• **REQUIRED ACTION**:
Print the entries verbatim, leaving out the images they contain.

==================================================

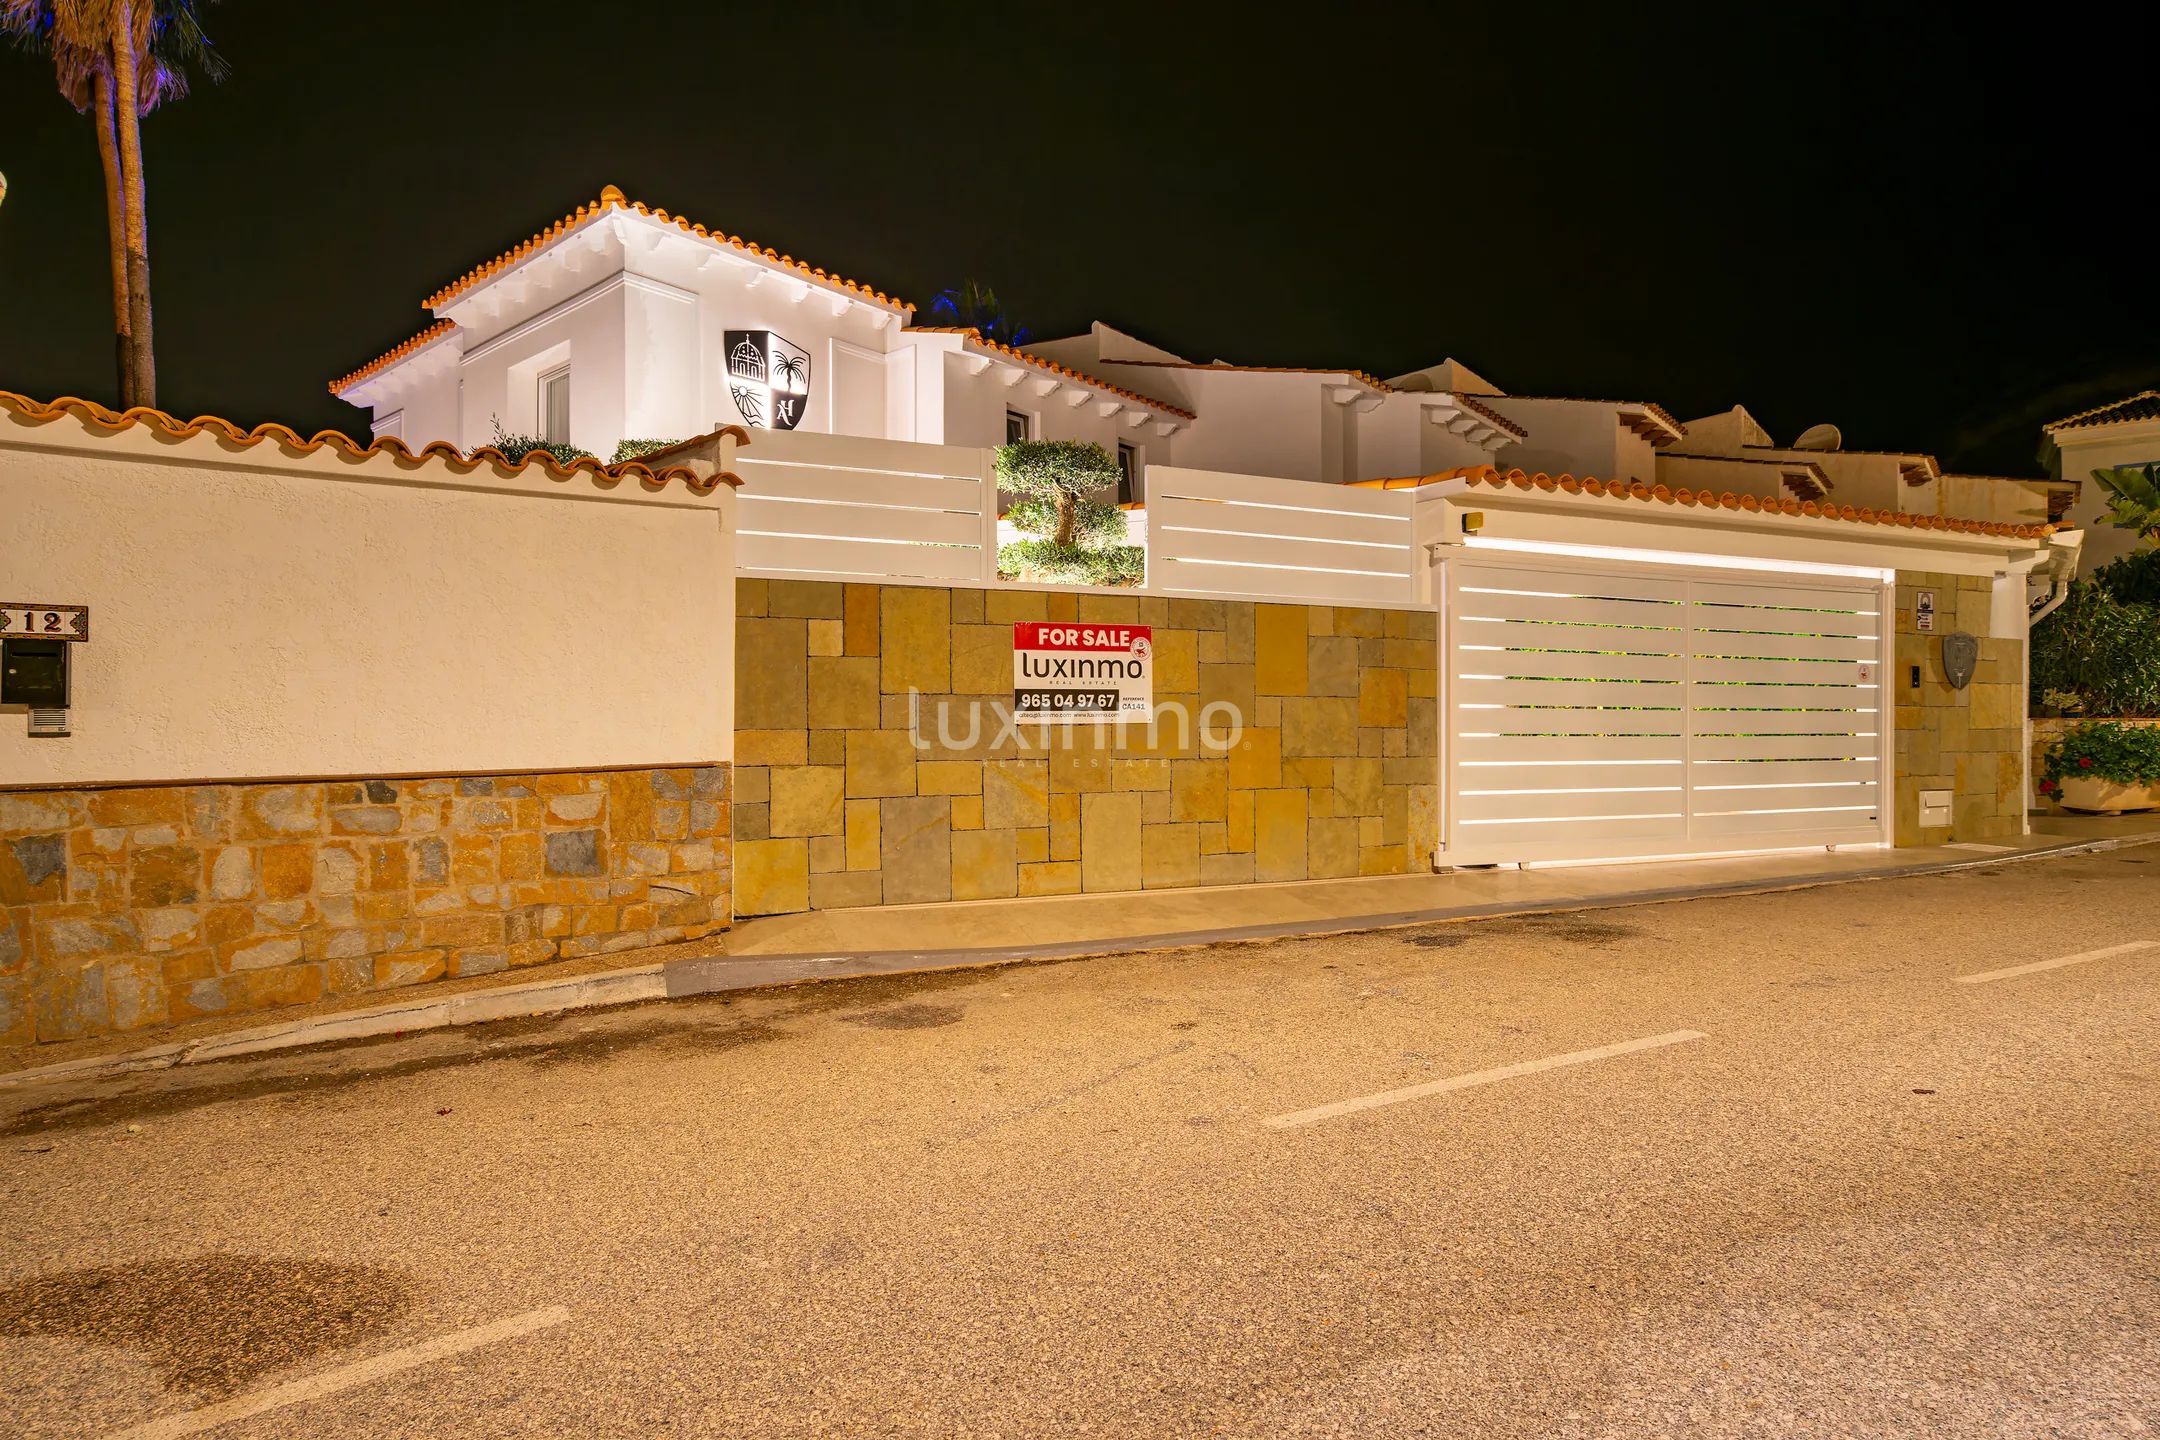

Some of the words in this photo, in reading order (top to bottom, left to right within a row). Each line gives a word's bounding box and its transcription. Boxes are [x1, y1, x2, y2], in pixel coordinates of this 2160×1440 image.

[24, 611, 62, 632] 12
[1038, 627, 1079, 646] FOR
[1083, 629, 1131, 647] SALE
[1022, 652, 1143, 679] luxinmo
[1021, 693, 1051, 708] 965
[1054, 694, 1074, 708] 04
[1077, 693, 1095, 708] 97
[1097, 693, 1115, 708] 67

==================================================

• **ANSWER SPACE**:
Some of the words in this photo, in reading order (top to bottom, left to right within a row). Each line gives a word's bounding box and its transcription. Boxes are [x1, y1, x2, y2], in pixel coordinates of this 2160×1440 image.

[24, 611, 62, 632] 12
[1038, 627, 1079, 646] FOR
[1083, 629, 1131, 647] SALE
[1022, 652, 1143, 679] luxinmo
[1021, 693, 1051, 708] 965
[1054, 694, 1074, 708] 04
[1077, 693, 1095, 708] 97
[1097, 693, 1115, 708] 67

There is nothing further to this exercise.